No semáforo vermelho
(durante Agosto apenas)
A pedinte do costume, saia até aos pés, trança caída e criança pendurada na mama, desaparece e, durante uns dias, ainda no final de Julho, o lugar – aquele excelente lugar, em cruzamento de avenidas e um bom minuto de tempo entre o vermelho e o verde – fica vago. Nos primeiros dias de Agosto aparece um novo pedinte. Homem quase rapaz, ainda muito novo, de bom aspecto. Não bate nos vidros, não insiste, um pedinte que não incomoda. Traz uma criança pela mão. Essa é a primeira diferença: nunca, mas nunca larga a mão do rapazinho que o acompanha. Leva-o para o meio da fila de carros, mas coloca o corpo de forma a proteger o garoto e nunca larga a mão. A outra diferença é no rapazinho. Tem um boné, veste t-shirts e calções, meias e ténis. E, todos os dias, todos, traz a fralda da t-shirt dentro dos calções. Sempre composto, mais composto que quase todas as crianças que conheço.
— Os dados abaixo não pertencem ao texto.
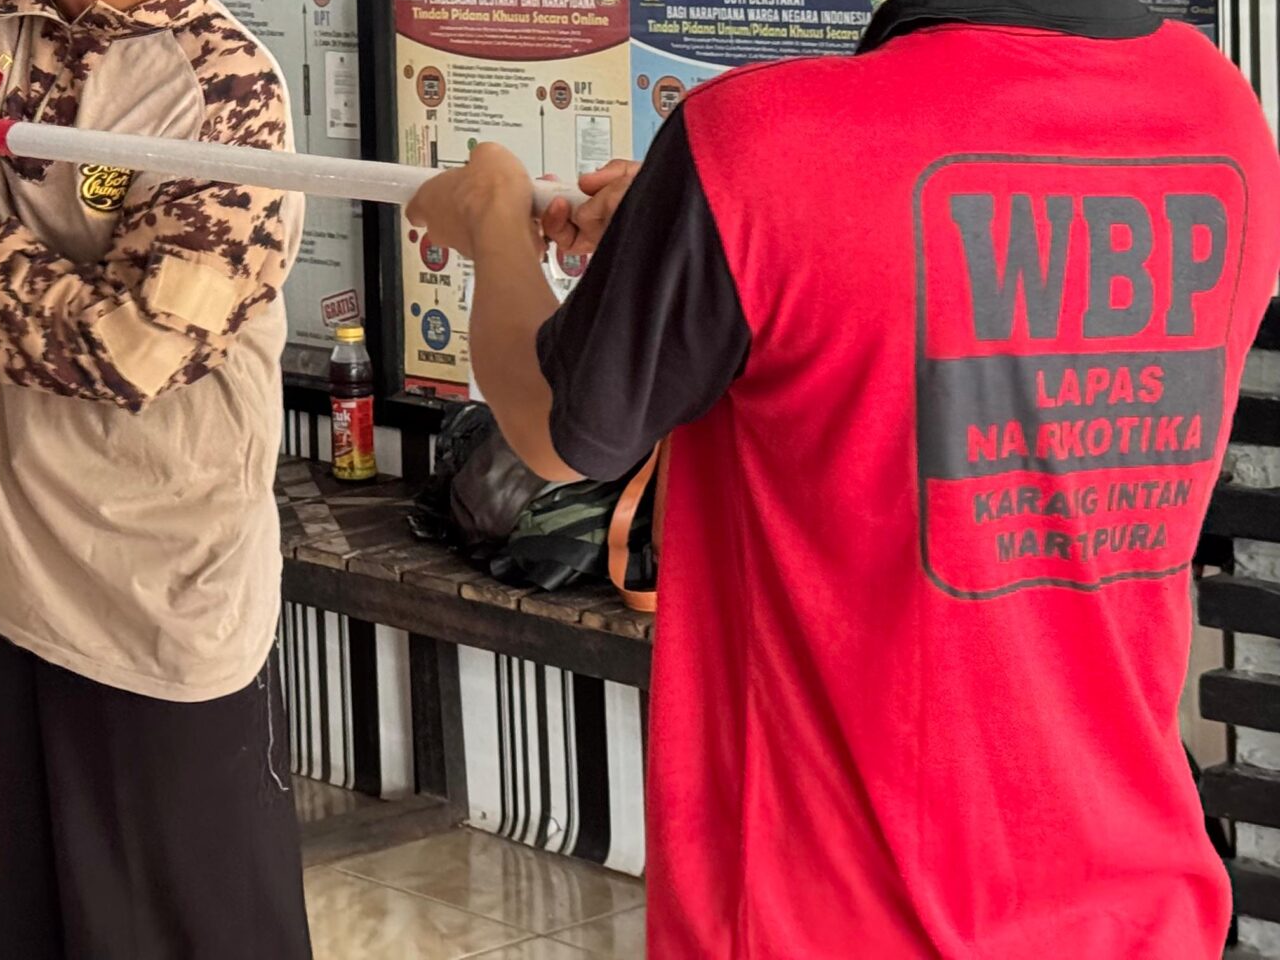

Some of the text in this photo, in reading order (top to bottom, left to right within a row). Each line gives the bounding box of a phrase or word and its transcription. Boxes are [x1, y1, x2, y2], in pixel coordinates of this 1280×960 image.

[412, 7, 609, 26] Tindak Pidana Khusus Secara Online
[666, 6, 872, 26] BAGI NARAPIDANA WARGA NEGARA INDONESIA
[648, 21, 679, 34] Tindak
[682, 22, 716, 36] Pidana
[790, 26, 823, 39] Khusus
[826, 27, 859, 40] Secara
[575, 81, 592, 95] UPT
[949, 192, 1228, 342] WBP
[324, 298, 356, 320] GRATIS
[1035, 365, 1165, 410] LAPAS
[967, 414, 1204, 464] NARKOTIKA
[1107, 478, 1193, 511] INTAN
E eu convenço-me, quero convencer-me com muita força que está ali um pai com um filho. Faz de conta que a escola fechou em Agosto e o pai é pobre e não tem emprego e não há onde deixar a criança e leva-o com ele. Convenço-me que é um pai preocupado com o facto de o filho estar no meio da rua, por entre os carros. Que é um pai que quer que o filho, ao menos, ao menos, esteja composto e com bom aspecto. Porque – convenço-me eu – não tem outra alternativa senão pedir.
Convenço-me, é certo. Convenço-me e comovo-me. Mas não lhe dou, não dei, naqueles dias todos; nunca dei.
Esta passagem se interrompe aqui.